With the hurricane barreling toward their stretch of the Florida coast on Tuesday afternoon, Amanda Mahr and her husband, Matthew Mahr, got an urgent call from their doctor: They had to schedule an emergency C-section.
The baby was four days past due, and the ultrasound that morning had showed fluid levels that were too low for them to wait until after the storm for delivery. Hurricane or not, the baby was going to have to come.
They rushed to the hospital through a drizzle and under slate-gray skies, nervously eyeing neighbors in Cape Coral who were putting up shutters in last-minute preparations. The storm was coming ashore farther south than previously projected. By the next morning, with Hurricane Ian lapping at the coast, power started cutting out across the region and wind gusts of more than 60 mph were whipping their city.
“We’re getting a direct hit. We want to schedule you right now,” hospital staff told the Mahrs, Amanda Mahr recalled.
Shortly before 9 a.m., George was born — a robust 10 pound, 6 ounce baby boy with a full head of black hair. Hospital staff told the exhausted patients not to look out their second-floor window because it would only make them anxious.
Around 2:30 p.m., with their almost-6-hour-old baby, the Mahrs and other expectant mothers and parents with newborns were shuffled into the hallways to ride out the worst of the storm away from any windows. Ian, after peaking at 155 mph wind speeds, was about to make landfall.

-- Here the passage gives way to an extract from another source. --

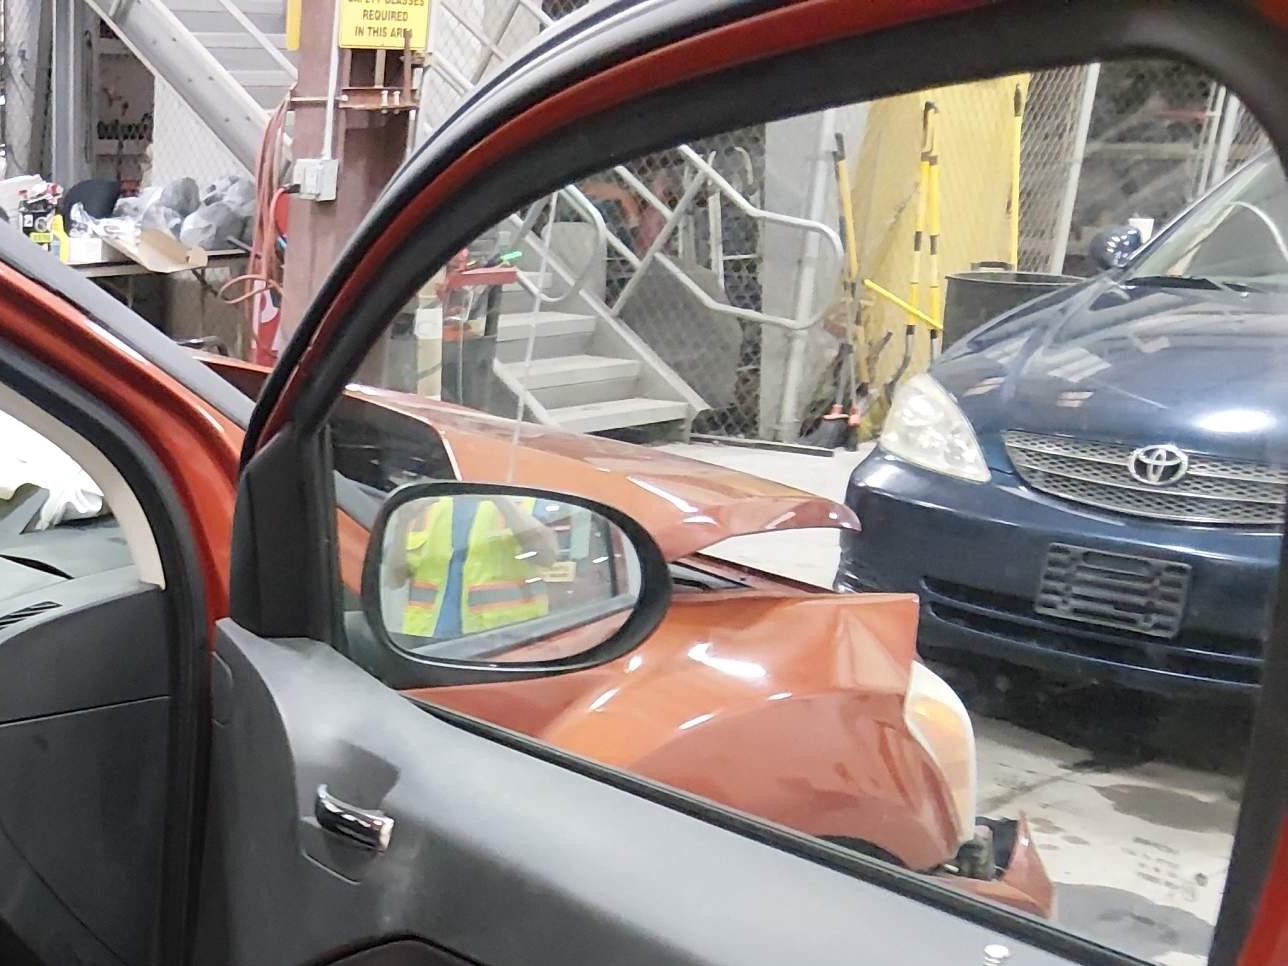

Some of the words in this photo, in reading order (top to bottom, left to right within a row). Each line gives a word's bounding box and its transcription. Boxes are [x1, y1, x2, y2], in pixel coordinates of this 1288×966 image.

[363, 9, 409, 21] REQUIRED
[355, 26, 364, 37] IN
[367, 26, 387, 38] THIS

For hours, they listened through the closed doors to pummeling rain, howling wind, thrashing trees. They wondered whether they would have a home to take George back to, and what may have become of the nursery they had readied for him. They fretted about their year-old cat, Mazikeen, whom they had no choice but to leave behind.

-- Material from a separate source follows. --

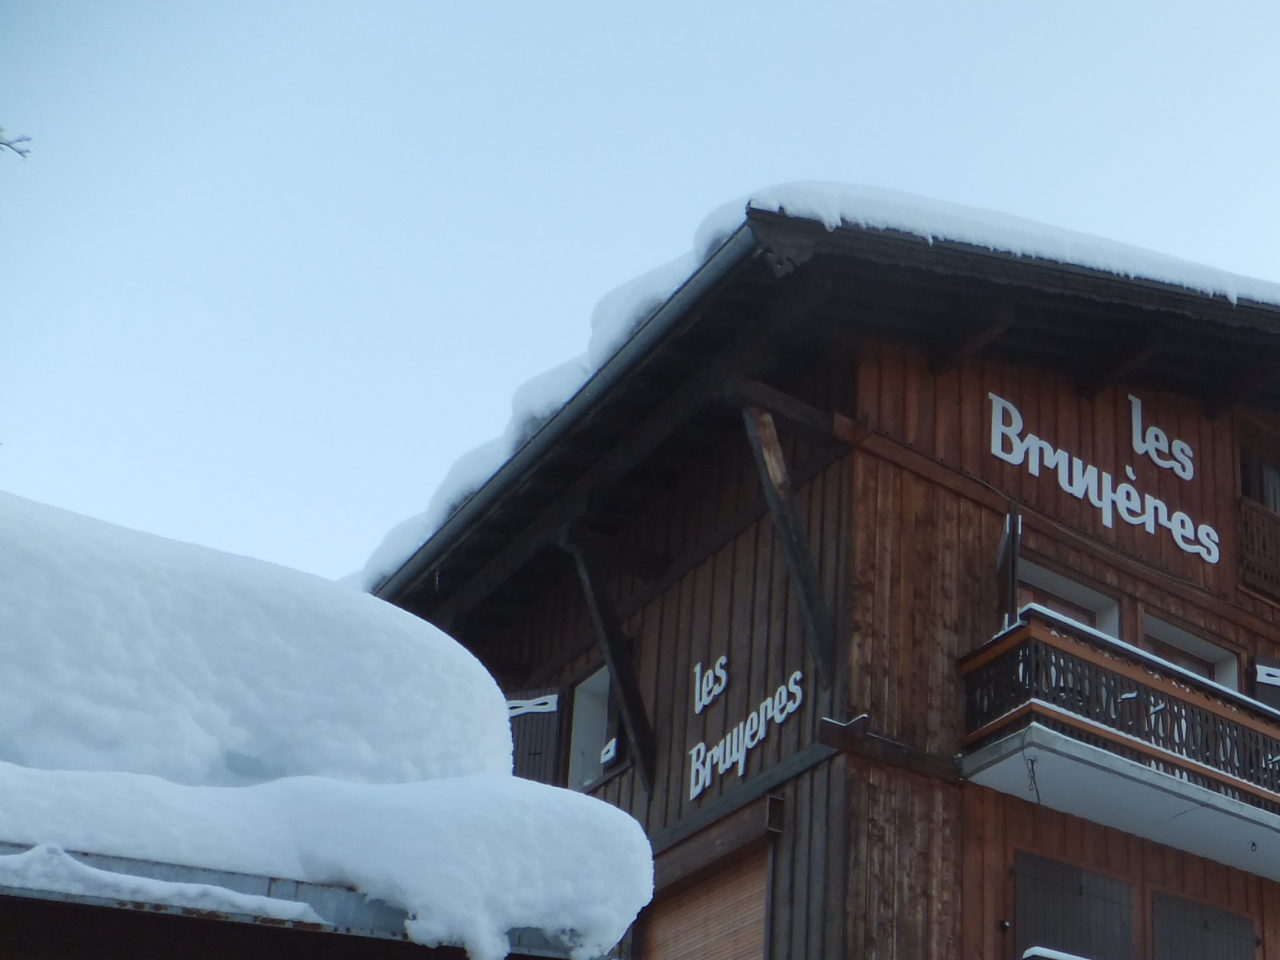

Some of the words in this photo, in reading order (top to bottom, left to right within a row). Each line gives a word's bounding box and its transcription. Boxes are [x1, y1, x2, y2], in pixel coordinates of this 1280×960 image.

[988, 392, 1219, 564] Bruyères
[1128, 394, 1194, 481] les
[694, 656, 727, 715] les

By about 9 p.m., they were allowed back in their birthing suite. The hospital appeared to have weathered the storm largely intact, and the couple and their newborn were in good spirits.
“He’s literally the talk of the hospital because he’s so chunky and so cute,” said Amanda Mahr, 36, who runs a gourmet cupcake business, in a phone interview Thursday evening from her hospital bed. “He has the most incredible hair.”

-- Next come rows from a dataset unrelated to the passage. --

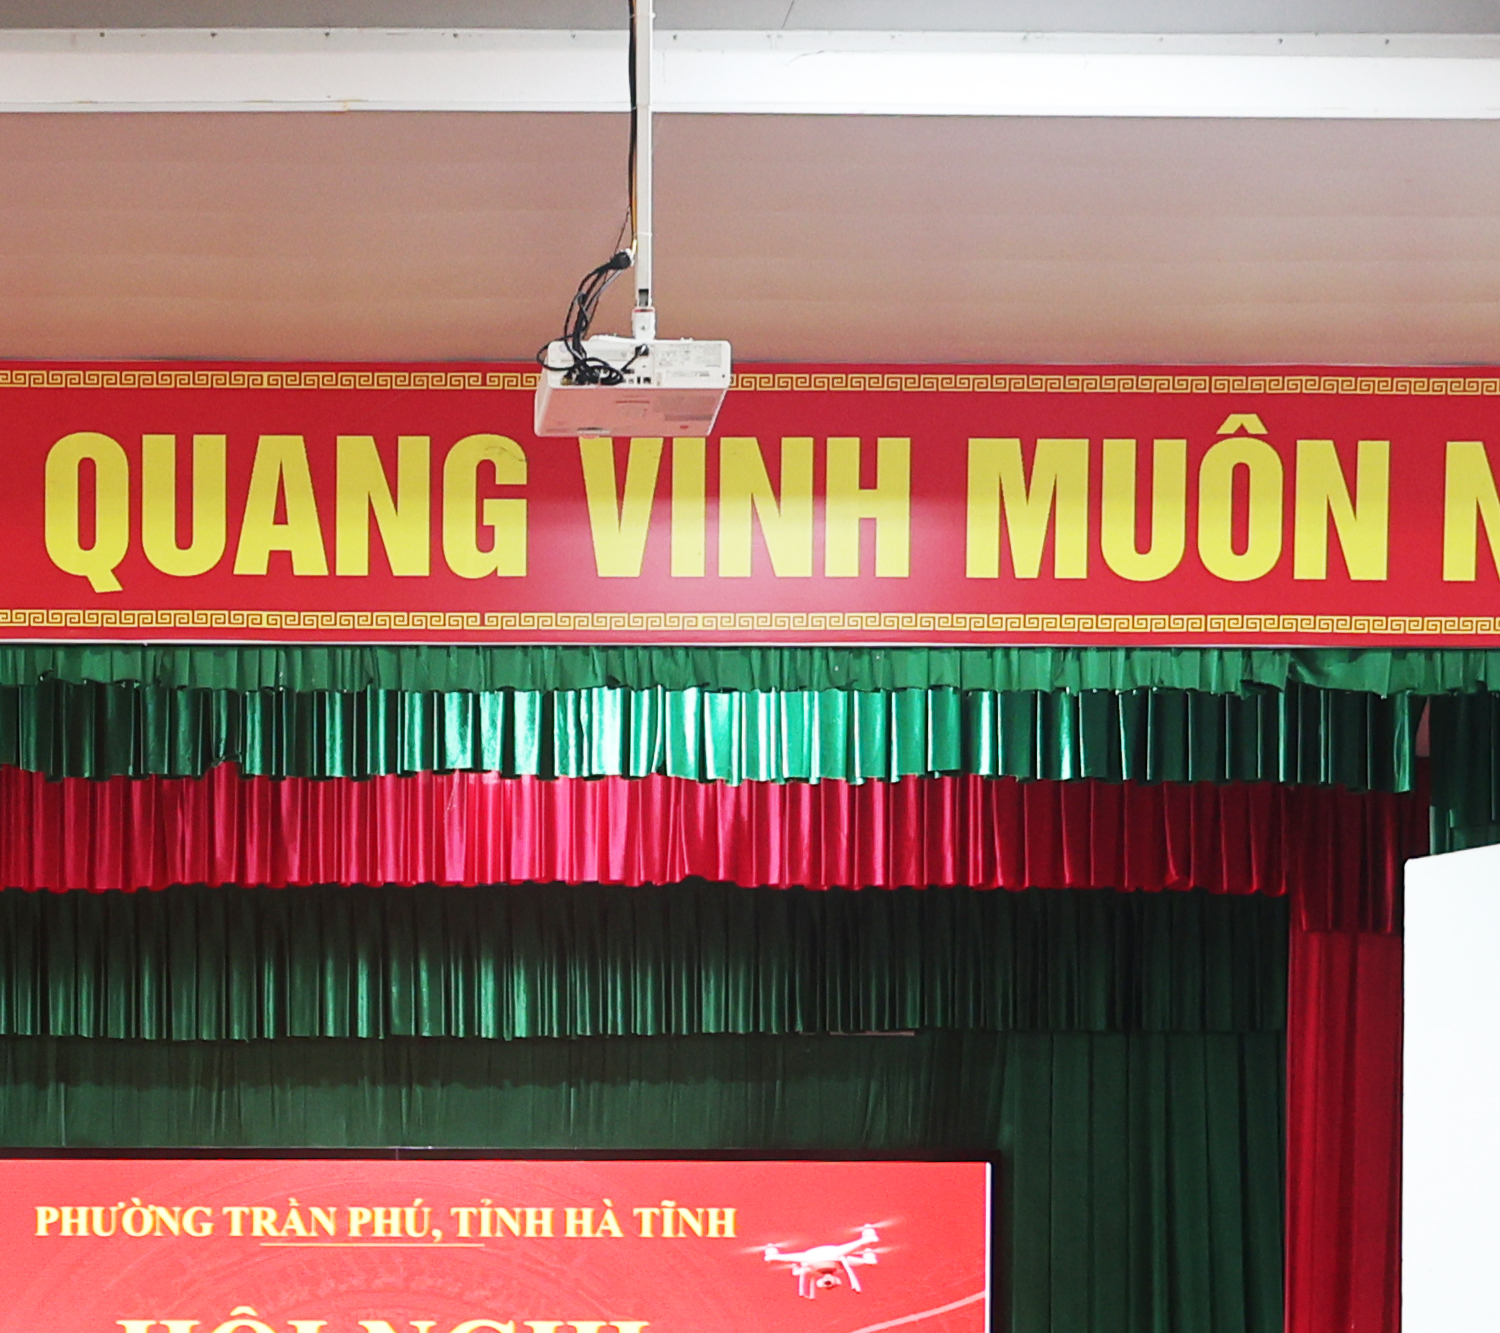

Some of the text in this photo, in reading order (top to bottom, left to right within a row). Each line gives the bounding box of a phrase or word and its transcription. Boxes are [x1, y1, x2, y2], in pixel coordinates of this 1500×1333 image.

[45, 432, 527, 592] QUANG
[579, 437, 911, 577] VINH
[967, 414, 1390, 581] MUÔN
[35, 1198, 737, 1243] PHƯỜNG TRẦN PHÚ, TỈNH HÀ TĨNH
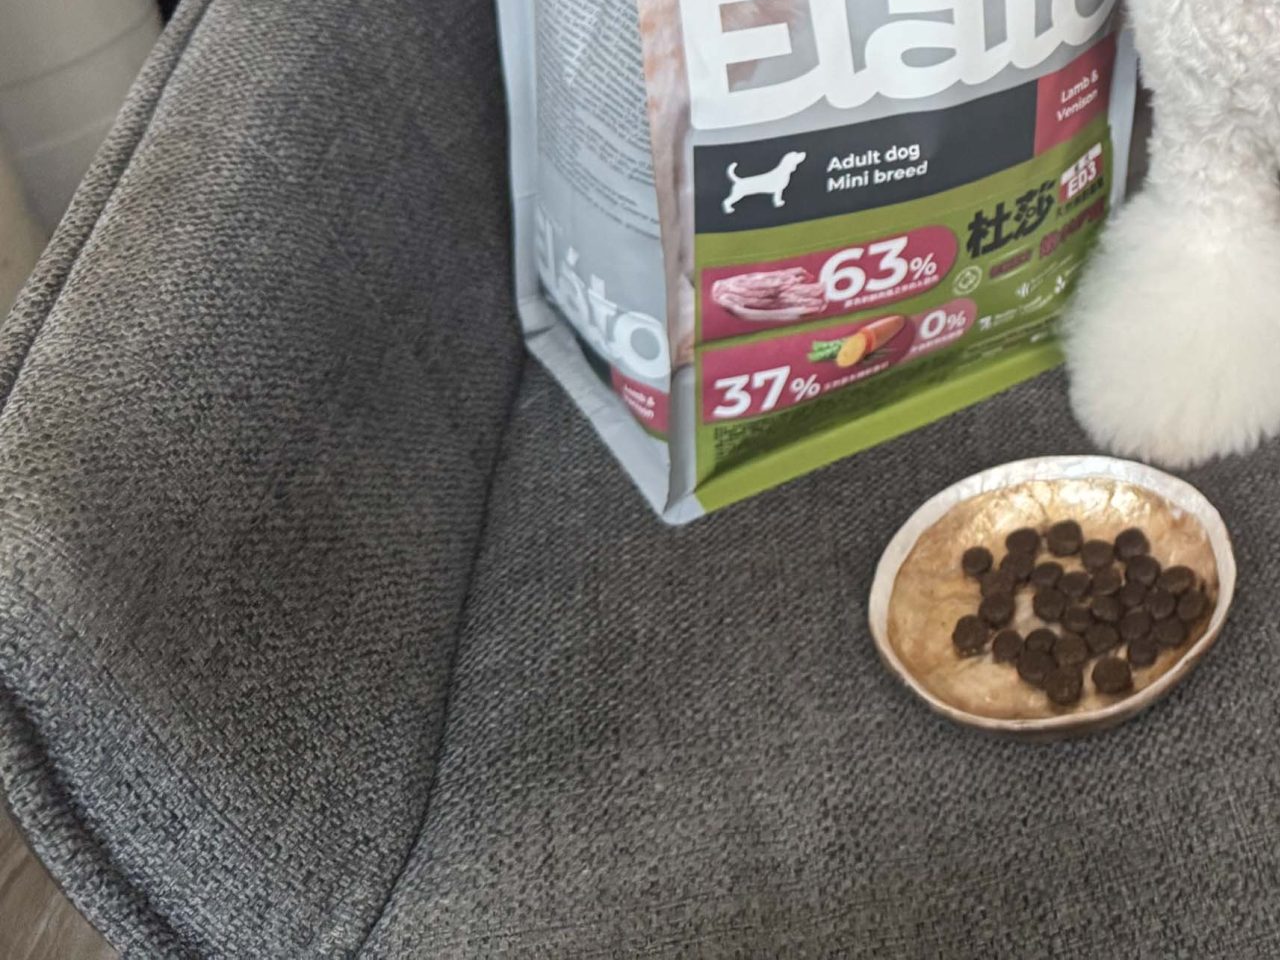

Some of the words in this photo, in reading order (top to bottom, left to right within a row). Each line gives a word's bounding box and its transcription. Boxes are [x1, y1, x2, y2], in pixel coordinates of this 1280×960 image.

[1055, 88, 1099, 122] Venison
[1061, 76, 1091, 104] Lamb
[826, 149, 882, 173] Adult
[884, 143, 921, 162] dog
[826, 170, 870, 193] Mini
[873, 160, 929, 185] breed
[819, 236, 938, 302] 63%
[919, 310, 968, 339] 0%
[712, 365, 821, 418] 37%

On Thursday afternoon, her husband, 37, ventured out of the hospital to find a city that looked like a monster truck rally had gone through it, he said. The streets were littered with all manner of debris — fallen electric poles, pieces of roofing, artificial grass turf. Every single street sign and billboard appeared to have been blown away.
Their ground-floor apartment was strewn with glass from two shattered windows but without much other damage, Matthew Mahr said. Mazikeen was agitated but safely huddled inside the nursery. That room was pristine, exactly as they had left it, Matthew Mahr said.
Nearby hospitals in the same health system were having to evacuate patients Thursday because of problems with water and power supply. The Mahrs’ hospital, Cape Coral, lost power Thursday afternoon but was stable and running on a generator, the couple said.